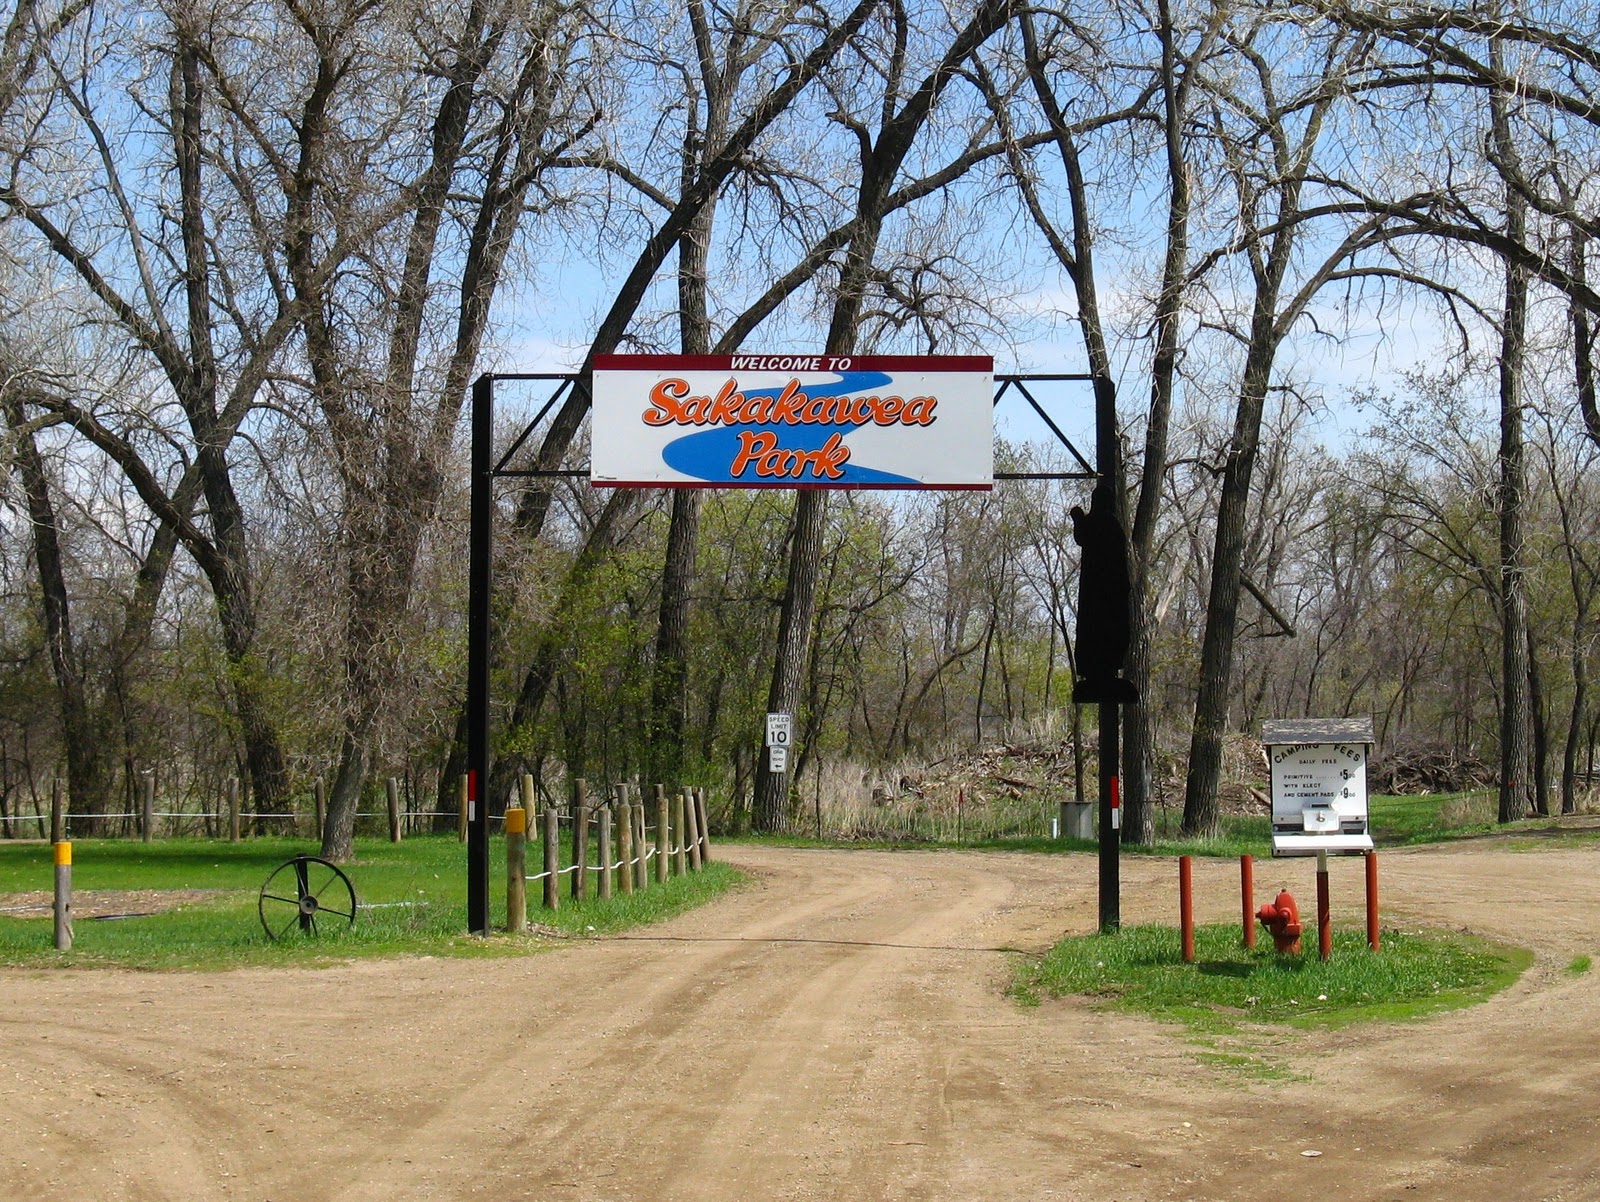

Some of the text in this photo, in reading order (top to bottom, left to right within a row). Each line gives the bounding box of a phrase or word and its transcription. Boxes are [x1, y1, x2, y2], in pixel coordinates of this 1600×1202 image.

[730, 356, 852, 371] WELCOME TO
[642, 377, 939, 427] Sakakawea
[729, 430, 851, 479] Park
[771, 731, 787, 743] 10
[1333, 744, 1361, 762] FEES

──────

Brief
Repeat the records exactly, without the pictures.

Written solution
Some of the text in this photo, in reading order (top to bottom, left to right within a row). Each line gives the bounding box of a phrase or word and its transcription. Boxes are [x1, y1, x2, y2], in pixel coordinates of this 1600×1202 image.

[730, 356, 852, 371] WELCOME TO
[642, 377, 939, 427] Sakakawea
[729, 430, 851, 479] Park
[771, 731, 787, 743] 10
[1333, 744, 1361, 762] FEES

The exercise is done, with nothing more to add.